TO DO: The following entries should be restated word for word, pictures excluded.

======== MATERIAL FOR THE TASK ========

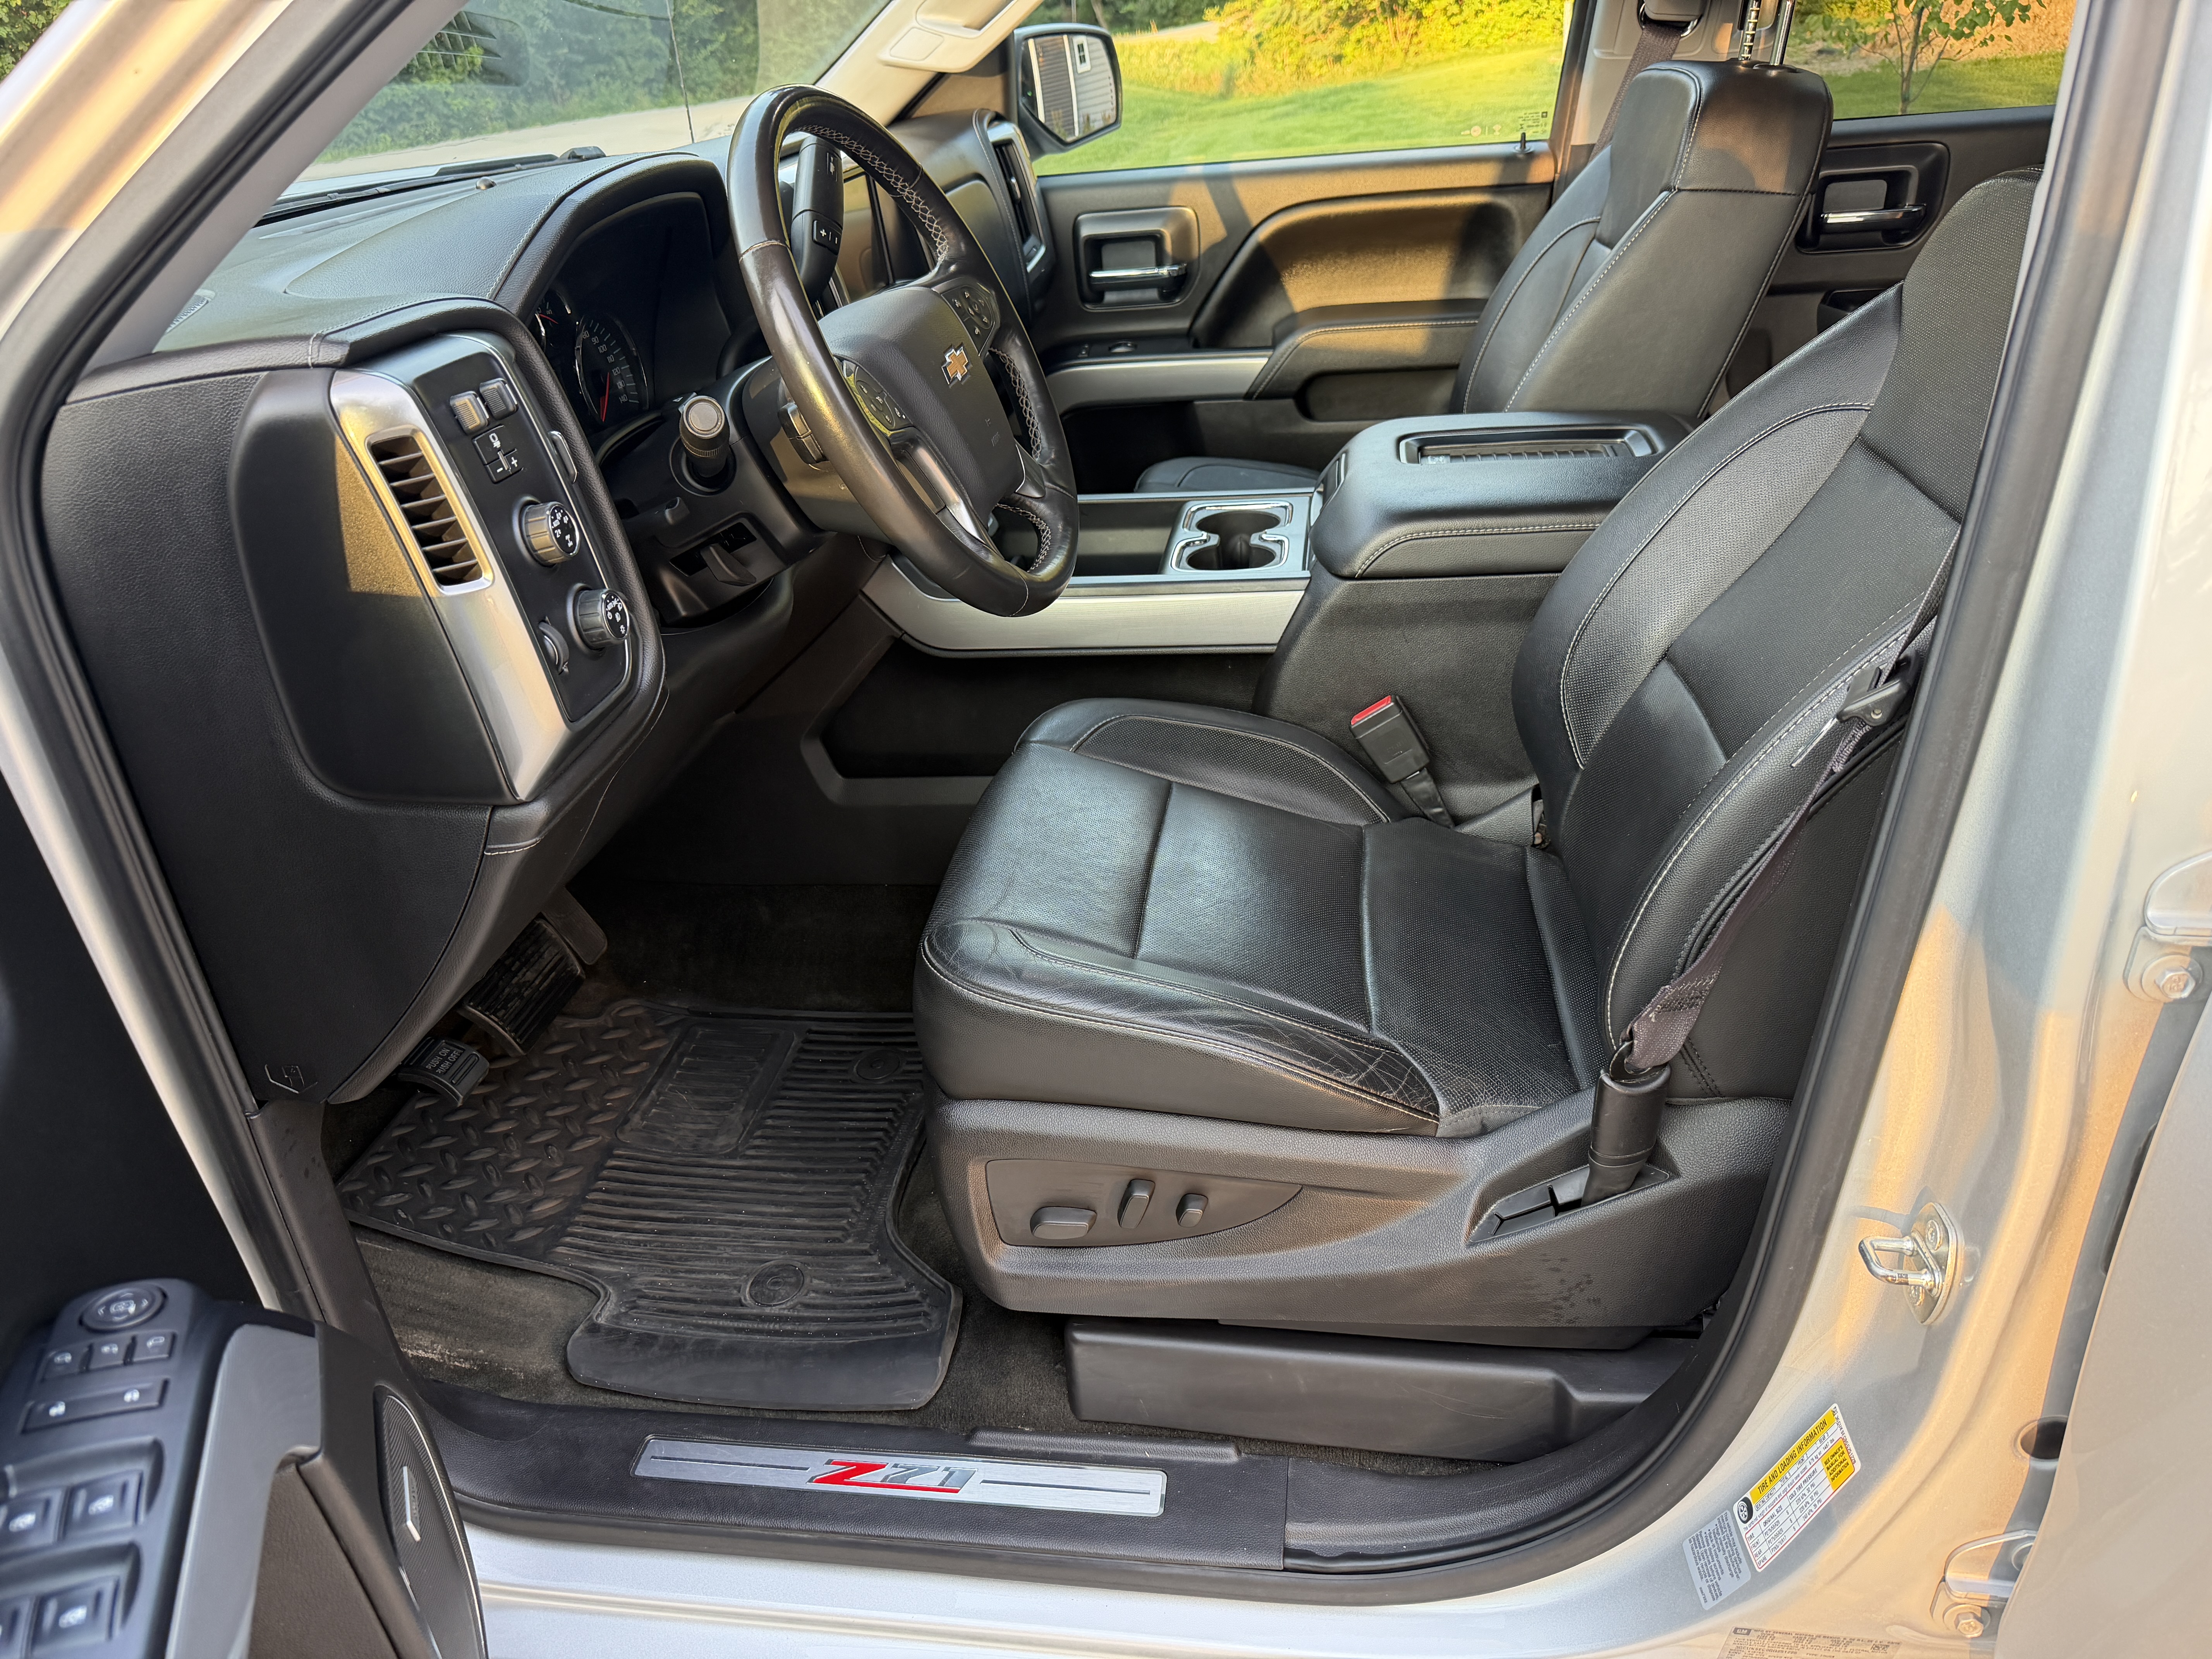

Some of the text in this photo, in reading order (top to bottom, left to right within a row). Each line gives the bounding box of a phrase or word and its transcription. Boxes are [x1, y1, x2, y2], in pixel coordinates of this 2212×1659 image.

[591, 336, 599, 345] 90
[598, 344, 607, 354] 100
[606, 354, 615, 364] 110
[612, 366, 621, 376] 120
[616, 380, 625, 390] 130
[619, 394, 628, 404] 140
[439, 1048, 450, 1056] ON
[448, 1050, 460, 1061] OFF
[1757, 1418, 1827, 1495] TIRE AND LOADING INFORMATION
[1829, 1444, 1843, 1460] OWNER'S
[1797, 1456, 1805, 1467] FRONT
[1826, 1456, 1839, 1471] MANUAL
[1828, 1455, 1847, 1477] ADDITIONAL
[805, 1459, 978, 1493] Z71
[1830, 1460, 1849, 1482] INFORMATION
[1788, 1489, 1796, 1500] COLD
[1802, 1467, 1817, 1486] PRESSURE
[1716, 1517, 1725, 1535] installed
[1762, 1510, 1776, 1528] ORIGINAL
[1711, 1528, 1722, 1553] headlamps
[1718, 1515, 1742, 1574] mercury-containing devices
[1725, 1521, 1734, 1537] vehicle
[1734, 1546, 1743, 1565] include
[1750, 1538, 1760, 1551] FRONT
[1689, 1543, 1700, 1566] hazardous
[1713, 1548, 1724, 1575] instruments
[1717, 1536, 1727, 1556] intensity
[1724, 1555, 1735, 1578] discharge
[1754, 1547, 1762, 1559] REAR
[1757, 1554, 1767, 1567] SPARE
[1697, 1530, 1706, 1549] Remove
[1703, 1547, 1712, 1566] devices
[1714, 1579, 1723, 1597] vehicle
[1703, 1560, 1712, 1578] removal
[1707, 1546, 1716, 1563] display
[1713, 1562, 1721, 1581] screens
[1699, 1562, 1707, 1579] recycle
[1707, 1583, 1716, 1602] dispose

========

ANSWER TO THIS EXERCISE:
Some of the text in this photo, in reading order (top to bottom, left to right within a row). Each line gives the bounding box of a phrase or word and its transcription. Boxes are [x1, y1, x2, y2], in pixel coordinates of this 2212×1659 image.

[591, 336, 599, 345] 90
[598, 344, 607, 354] 100
[606, 354, 615, 364] 110
[612, 366, 621, 376] 120
[616, 380, 625, 390] 130
[619, 394, 628, 404] 140
[439, 1048, 450, 1056] ON
[448, 1050, 460, 1061] OFF
[1757, 1418, 1827, 1495] TIRE AND LOADING INFORMATION
[1829, 1444, 1843, 1460] OWNER'S
[1797, 1456, 1805, 1467] FRONT
[1826, 1456, 1839, 1471] MANUAL
[1828, 1455, 1847, 1477] ADDITIONAL
[805, 1459, 978, 1493] Z71
[1830, 1460, 1849, 1482] INFORMATION
[1788, 1489, 1796, 1500] COLD
[1802, 1467, 1817, 1486] PRESSURE
[1716, 1517, 1725, 1535] installed
[1762, 1510, 1776, 1528] ORIGINAL
[1711, 1528, 1722, 1553] headlamps
[1718, 1515, 1742, 1574] mercury-containing devices
[1725, 1521, 1734, 1537] vehicle
[1734, 1546, 1743, 1565] include
[1750, 1538, 1760, 1551] FRONT
[1689, 1543, 1700, 1566] hazardous
[1713, 1548, 1724, 1575] instruments
[1717, 1536, 1727, 1556] intensity
[1724, 1555, 1735, 1578] discharge
[1754, 1547, 1762, 1559] REAR
[1757, 1554, 1767, 1567] SPARE
[1697, 1530, 1706, 1549] Remove
[1703, 1547, 1712, 1566] devices
[1714, 1579, 1723, 1597] vehicle
[1703, 1560, 1712, 1578] removal
[1707, 1546, 1716, 1563] display
[1713, 1562, 1721, 1581] screens
[1699, 1562, 1707, 1579] recycle
[1707, 1583, 1716, 1602] dispose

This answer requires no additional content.